Western Stars review – Springsteen's nuggets of cowboy wisdom

In a barn with his wife, an orchestra and a new set of cowboy-inflected songs, the Boss reflects magnetically on past demons and meditates on age

Even hardened Bruce Springsteen agnostics were converted after watching last year’s Netflix documentary of his Springsteen on Broadway show – a straight-up account of an acoustic set of greatest hits. You really would have to be clinically soul-dead not to be blown away by the intensity of his performance and the monologues about his childhood and early career, scripted with the storytelling power of Raymond Carver stories.

Now comes a new documentary with more of the same – this time Springsteen performing in a barn on his ranch in New Jersey, playing his latest album Western Stars.

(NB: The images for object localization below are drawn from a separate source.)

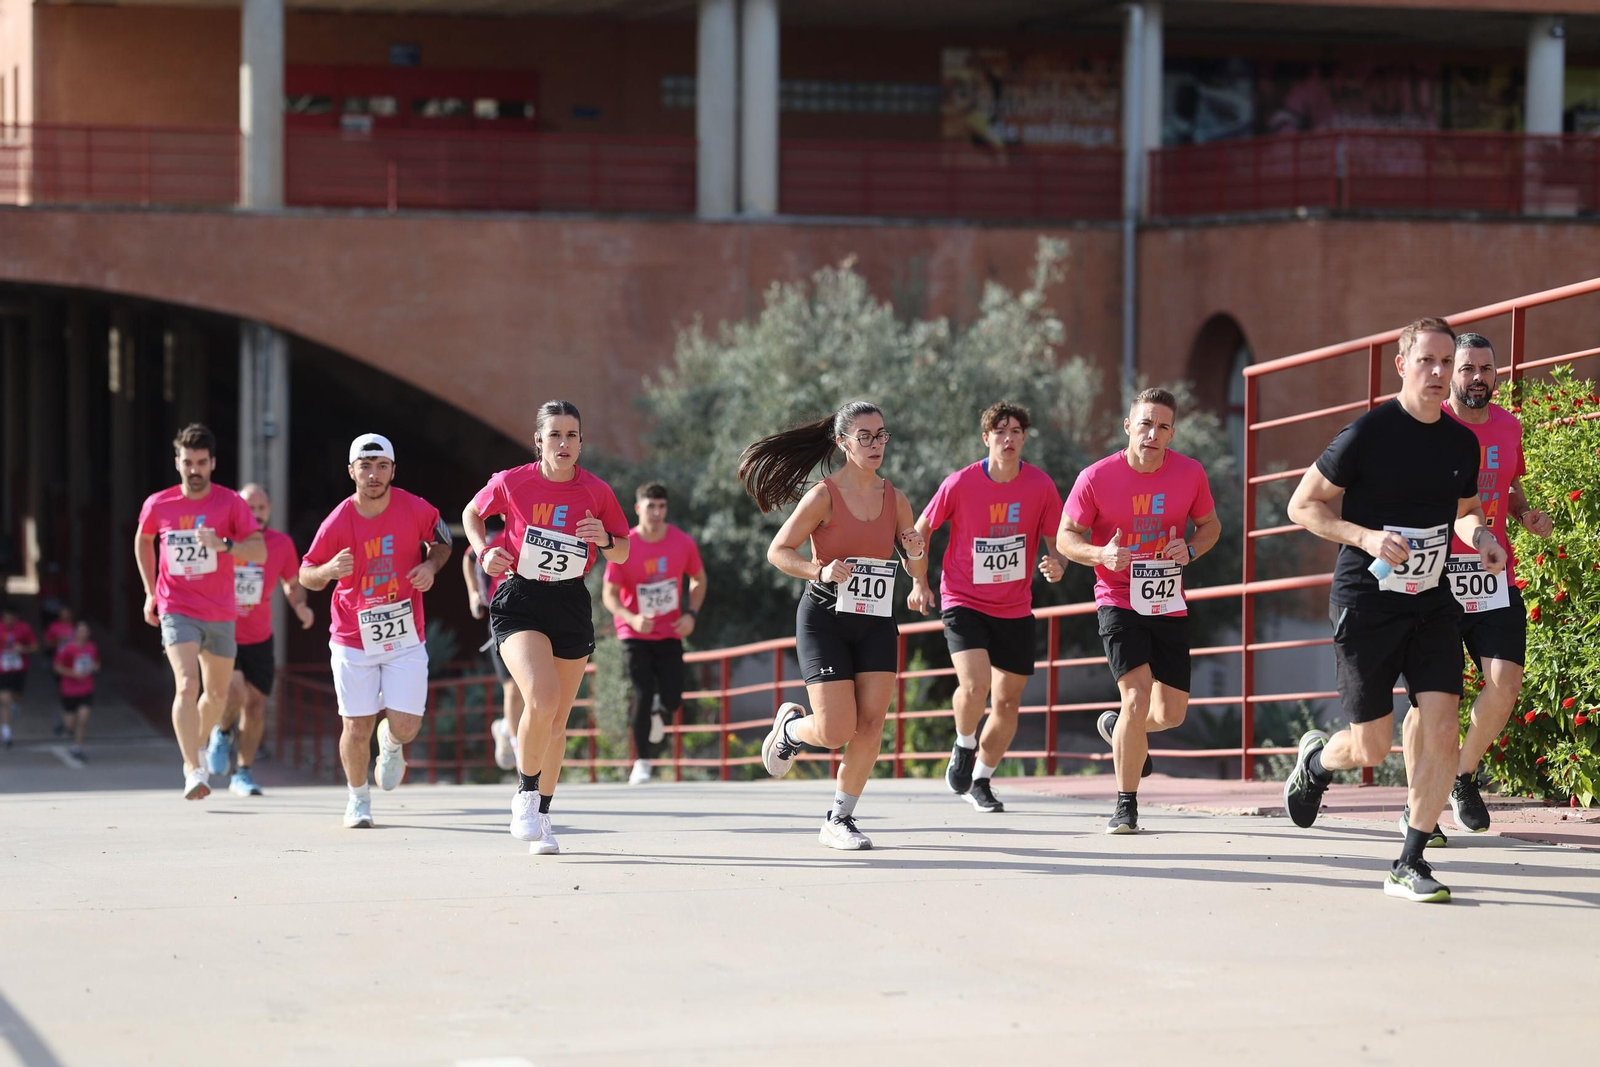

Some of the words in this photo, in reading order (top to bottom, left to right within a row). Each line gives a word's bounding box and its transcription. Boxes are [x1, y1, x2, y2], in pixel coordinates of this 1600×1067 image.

[989, 502, 1021, 524] WE
[1132, 493, 1165, 516] WE
[179, 515, 207, 530] WE
[532, 503, 569, 527] WE
[364, 534, 394, 560] WE
[528, 534, 556, 549] UMA
[976, 545, 1001, 553] UMA
[174, 546, 209, 562] 224
[537, 550, 569, 573] 23
[983, 552, 1019, 570] 404
[1394, 550, 1439, 576] 327
[852, 565, 868, 573] MA
[1133, 569, 1161, 577] UMA
[1447, 562, 1474, 572] UMA
[236, 583, 256, 595] 66
[847, 576, 887, 600] 410
[1141, 578, 1175, 600] 642
[1455, 574, 1498, 597] 500
[362, 613, 388, 623] UMA
[370, 618, 408, 641] 321
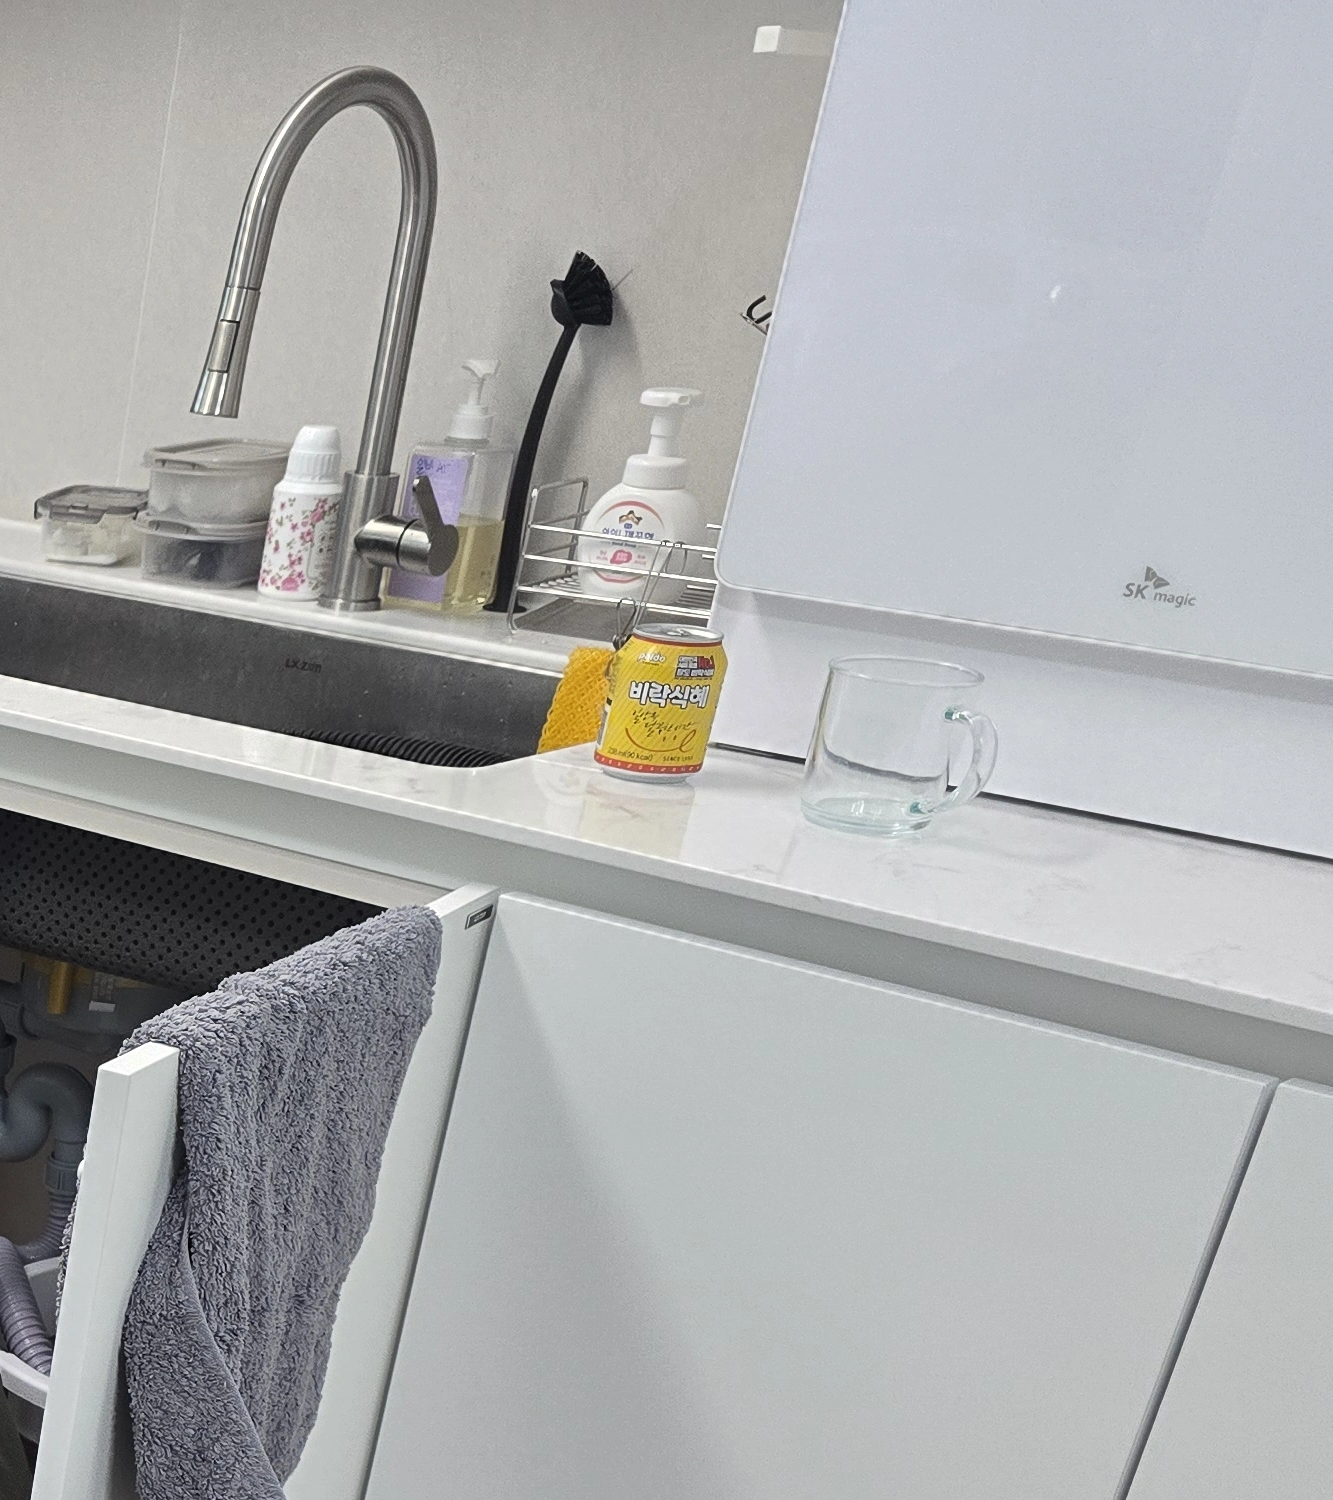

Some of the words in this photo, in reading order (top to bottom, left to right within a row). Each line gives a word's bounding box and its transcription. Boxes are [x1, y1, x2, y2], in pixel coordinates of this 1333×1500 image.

[1122, 582, 1149, 600] SK
[1153, 592, 1197, 608] magic
[629, 681, 710, 709] 비락식혜
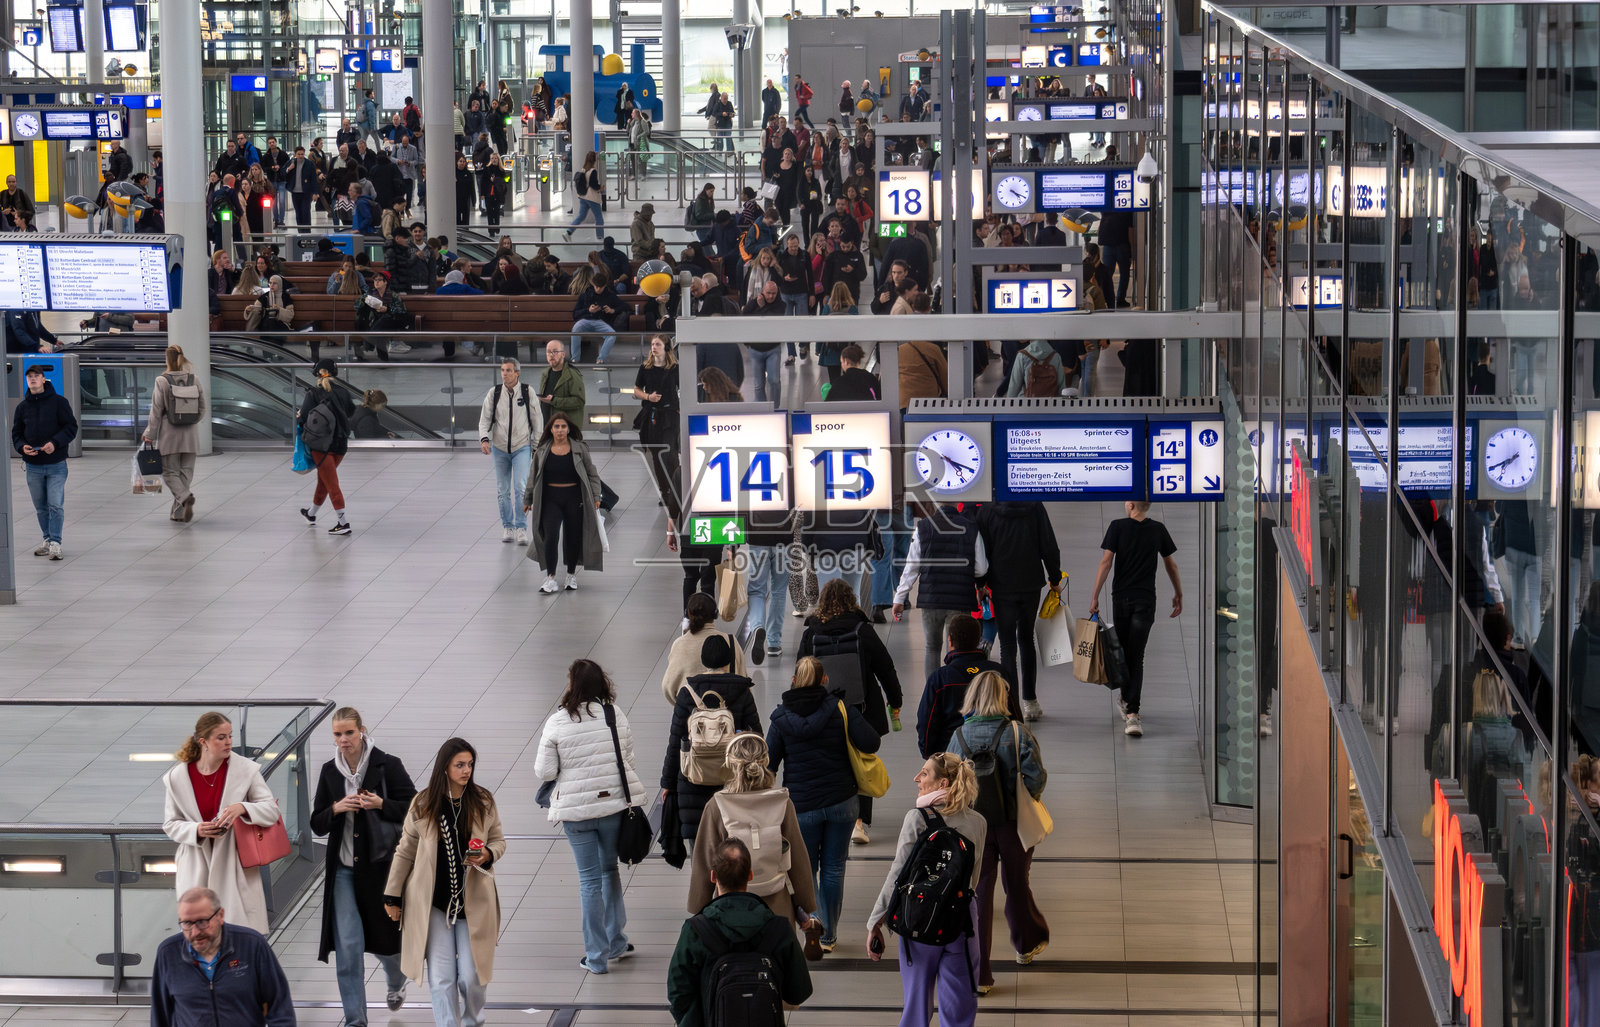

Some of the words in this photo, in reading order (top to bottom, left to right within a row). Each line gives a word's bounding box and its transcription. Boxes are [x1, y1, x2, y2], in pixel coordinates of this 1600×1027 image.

There are added bells and whistles here: Springsteen accompanied by an orchestra, backing singers and his wife, Patti Scialfa, on guitar and vocals. So a little of the intimacy is gone, and I have to admit to not being 100% sold on the cowboy-inflected songs, which feature quite a bit of dime-store sentimentality. But Springsteen is undoubtedly magnetic, his voice a honeyed growl.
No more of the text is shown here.